**TASK DATA:**
"""

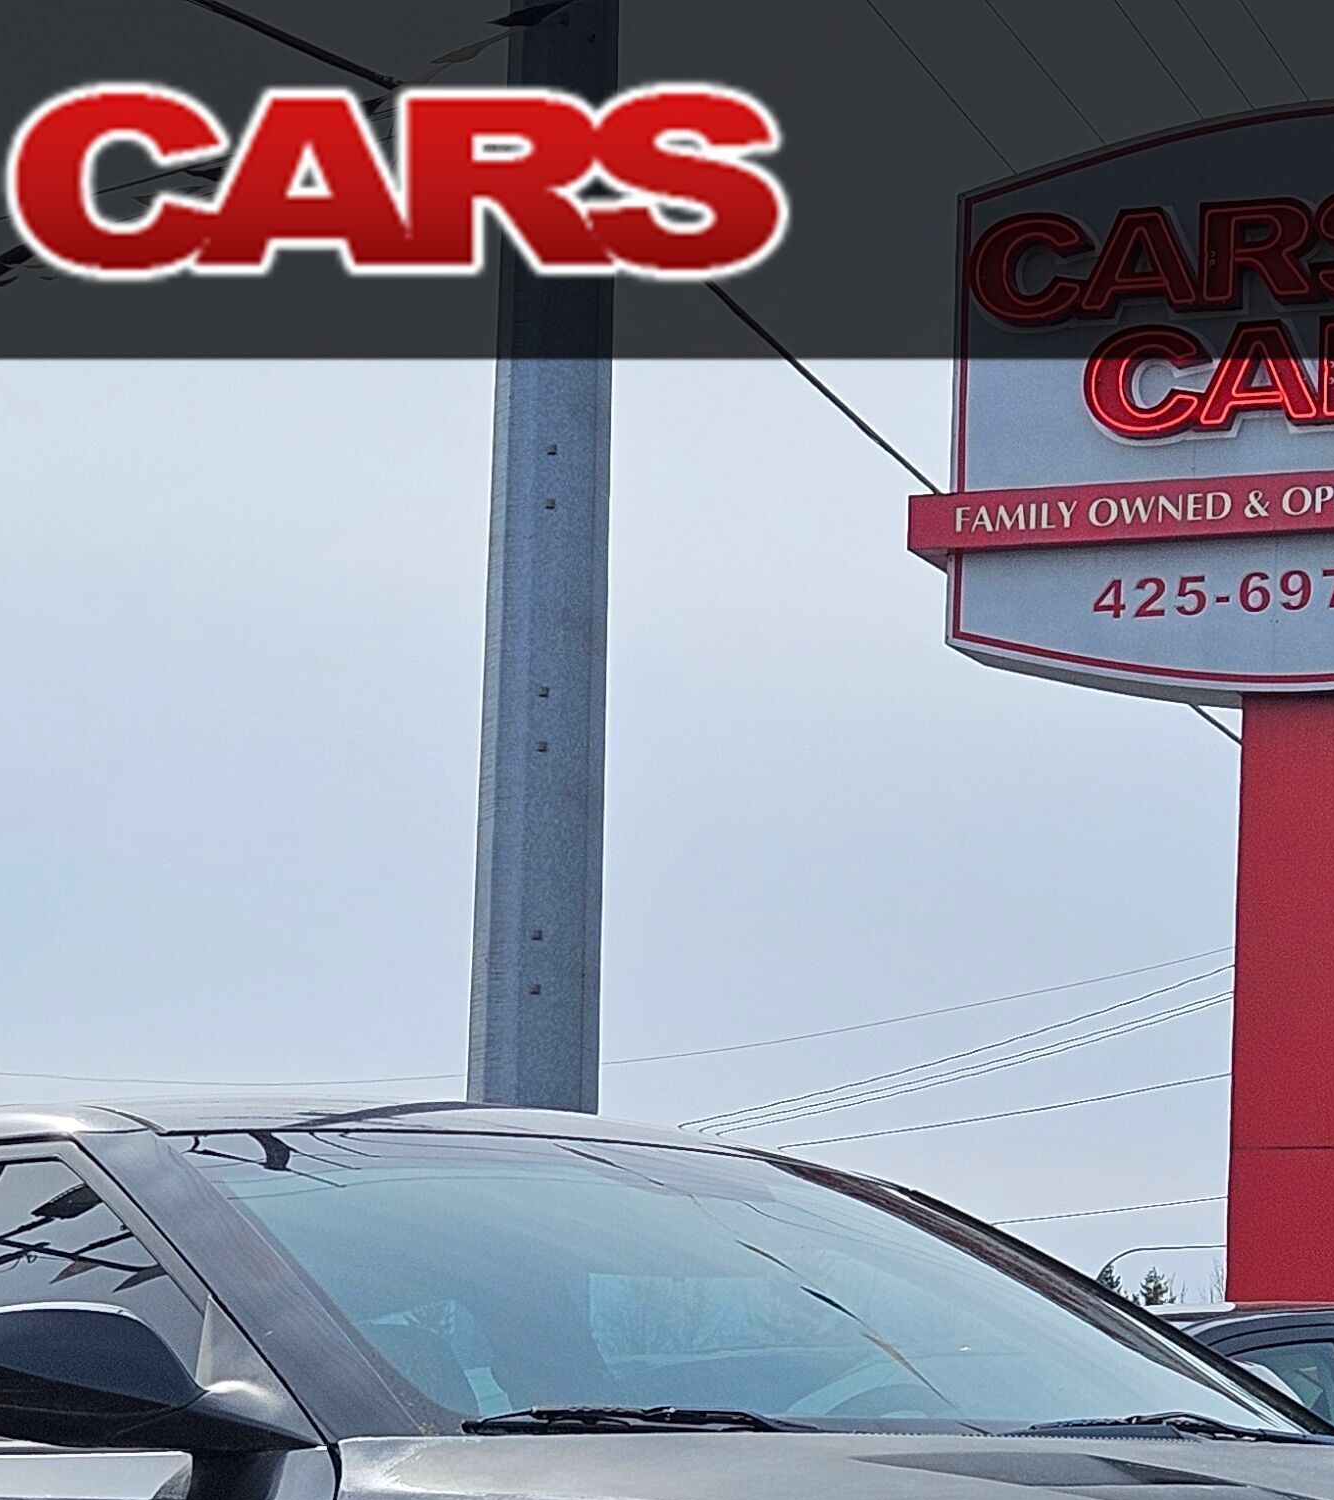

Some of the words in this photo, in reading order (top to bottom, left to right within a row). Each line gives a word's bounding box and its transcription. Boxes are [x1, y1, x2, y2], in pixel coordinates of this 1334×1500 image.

[954, 500, 1078, 534] FAMILY
[1087, 490, 1233, 528] OWNED
[1243, 489, 1270, 520] &
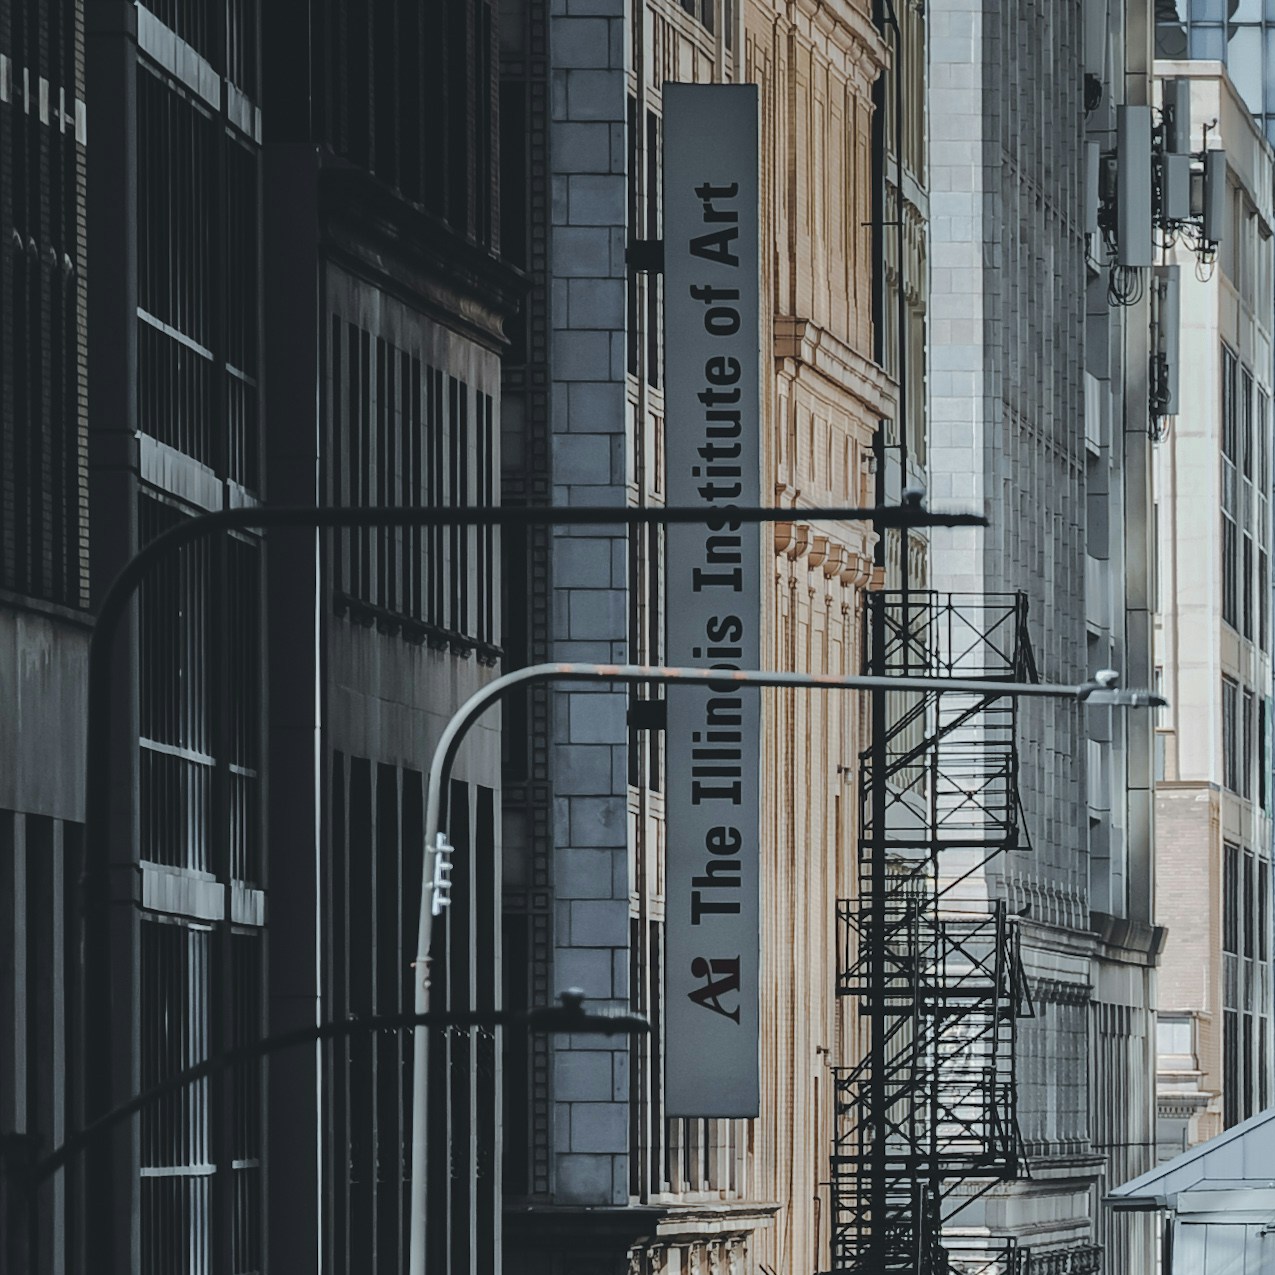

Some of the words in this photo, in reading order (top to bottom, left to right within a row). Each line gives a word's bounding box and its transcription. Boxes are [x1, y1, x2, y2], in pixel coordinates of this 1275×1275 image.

[691, 182, 742, 266] Art
[691, 285, 742, 337] of
[690, 356, 745, 592] Institute
[690, 616, 745, 805] Illinois
[691, 826, 742, 925] The

"""

**WHAT TO DO:**
Print from the line containing "this 1275×1275 image." to the last line above, exactly as written.

**YOUR SOLUTION:**
Some of the words in this photo, in reading order (top to bottom, left to right within a row). Each line gives a word's bounding box and its transcription. Boxes are [x1, y1, x2, y2], in pixel coordinates of this 1275×1275 image.

[691, 182, 742, 266] Art
[691, 285, 742, 337] of
[690, 356, 745, 592] Institute
[690, 616, 745, 805] Illinois
[691, 826, 742, 925] The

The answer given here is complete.